Seen at Rotterdam 2016

Director: Park Hong-min

Writers: Cha Hye-jin, Park Hong-min

Cast: Lee Ju-won, Song You-hyun

Original title: Hon-ja

South Korea 2015

90 mins

A promising but ultimately disappointing elliptical journey through a labyrinthine Seoul.

The thin line between real and unreal, solid ground and liminality, sanity and insanity, dream and nightmare, certainty and confusion, is the wire that most of director Park Hong-min’s second film Alone balances upon. An oppressive mystery tour of the alleyways, rooftops, stairwells and labyrinthine passages of a tightly packed Seoul shantytown reflects metaphorically the circuitous nature of the protagonist’s mind.
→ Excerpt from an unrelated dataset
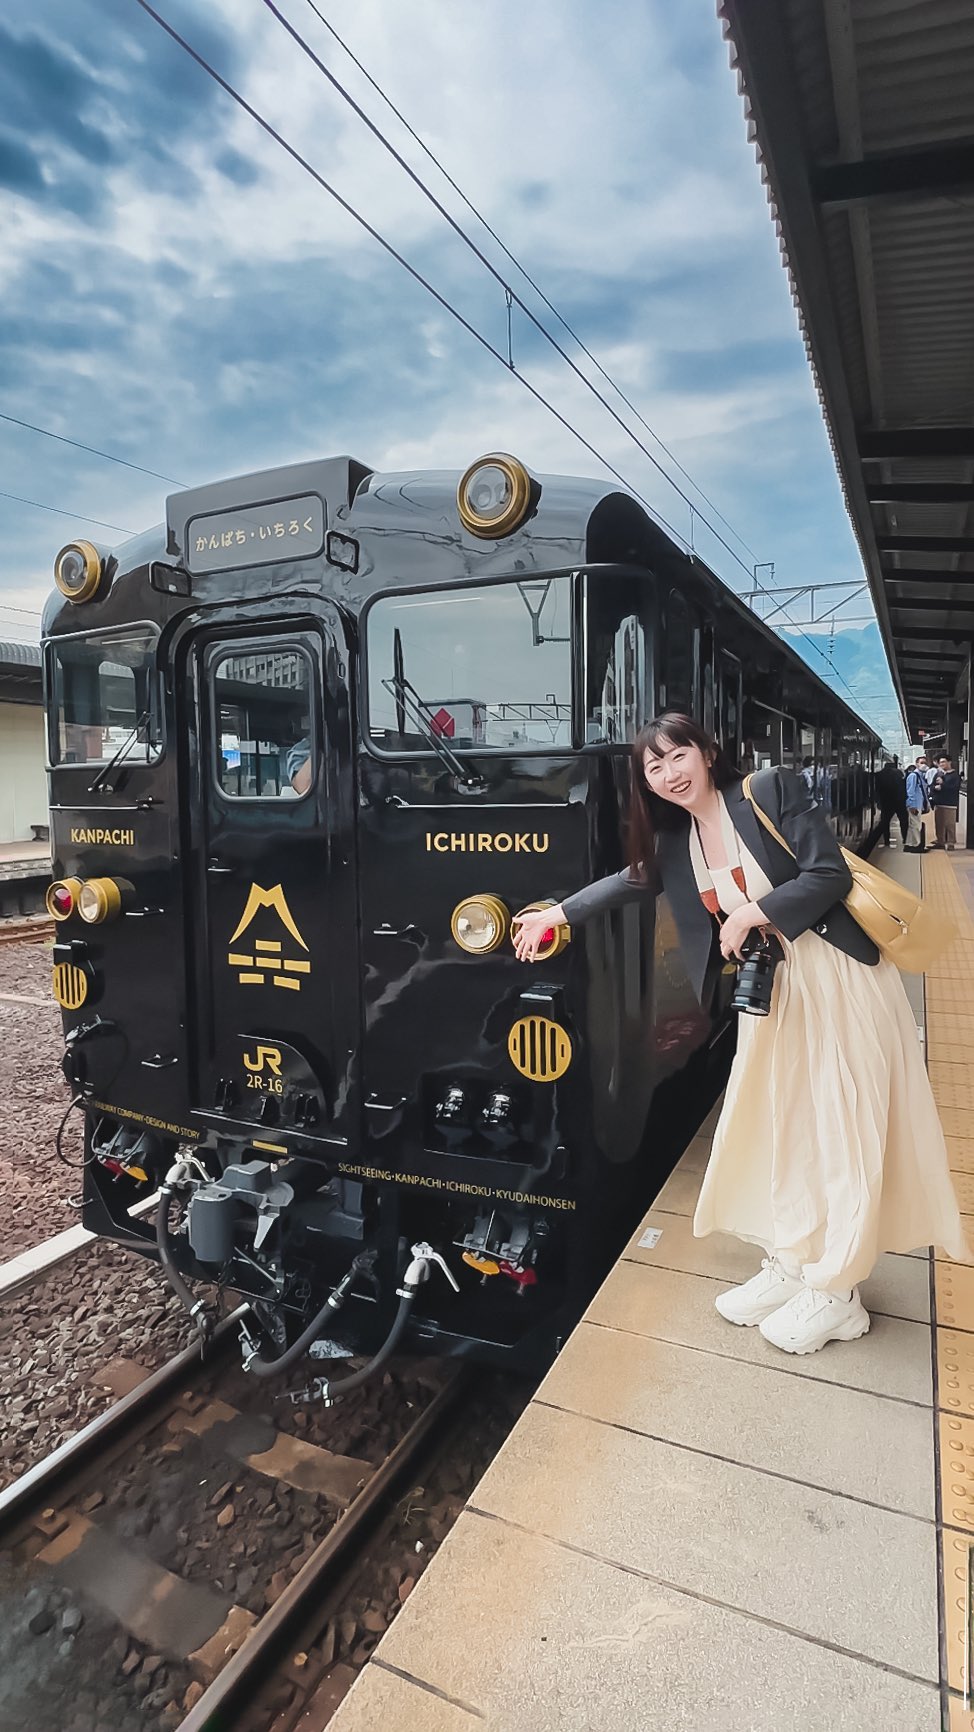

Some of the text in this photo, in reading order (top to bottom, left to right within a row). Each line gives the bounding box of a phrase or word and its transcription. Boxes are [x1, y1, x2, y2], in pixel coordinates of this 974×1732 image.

As the film opens, he is looking out of his studio window and inadvertently witnesses masked men murdering a woman on a nearby rooftop. Since he is a photographer he grabs his camera and begins taking pictures of the crime. Having been spotted by the perpetrators, he hides away in his studio, but is soon located by the thugs who assault him with a hammer, rendering him unconscious. When he awakes it is night time and he finds himself naked and lying in the street. As he attempts to recover both clothing and memory, he runs furiously around the area, up and down stairs, in and out of alleyways like a rat in a T-maze – a T-maze that keeps heading into dead-end pathways. As he keeps sprinting around this physical and mental maze, he encounters a variety of odd characters and finds himself thrust into a series of strange and startling scenarios. These encounters are presented elliptically; their logical and chronological ordering shuffled like a deck of cards. Sometimes, similar events are encountered more than once but with different narrative frameworks intended to disorient the protagonist as well as the audience.

Now, this oft-used approach to plotting in arthouse cinema – a signifying indicator of the genus – can have its rewards, but it can be risky too, if not handled in a convincing and meaningful manner. There needs to be some sort of cinematic reward for the spectator’s work in sticking to the film and trusting the director and editor’s decisions as to story presentation, and in this regard Alone founders. The overall film did not present this viewer with any gifts for post-viewing reflection or insightful observations to be taken away from the cinema. It simply did not persuade. It has been said by distributors that for a critic to call a film a ‘festival film’ is a nail in the coffin for the sales agent, so apologies in advance, but Alone falls exactly into that category.

James B. Evans

This review is part of our Rotterdam 2016 coverage.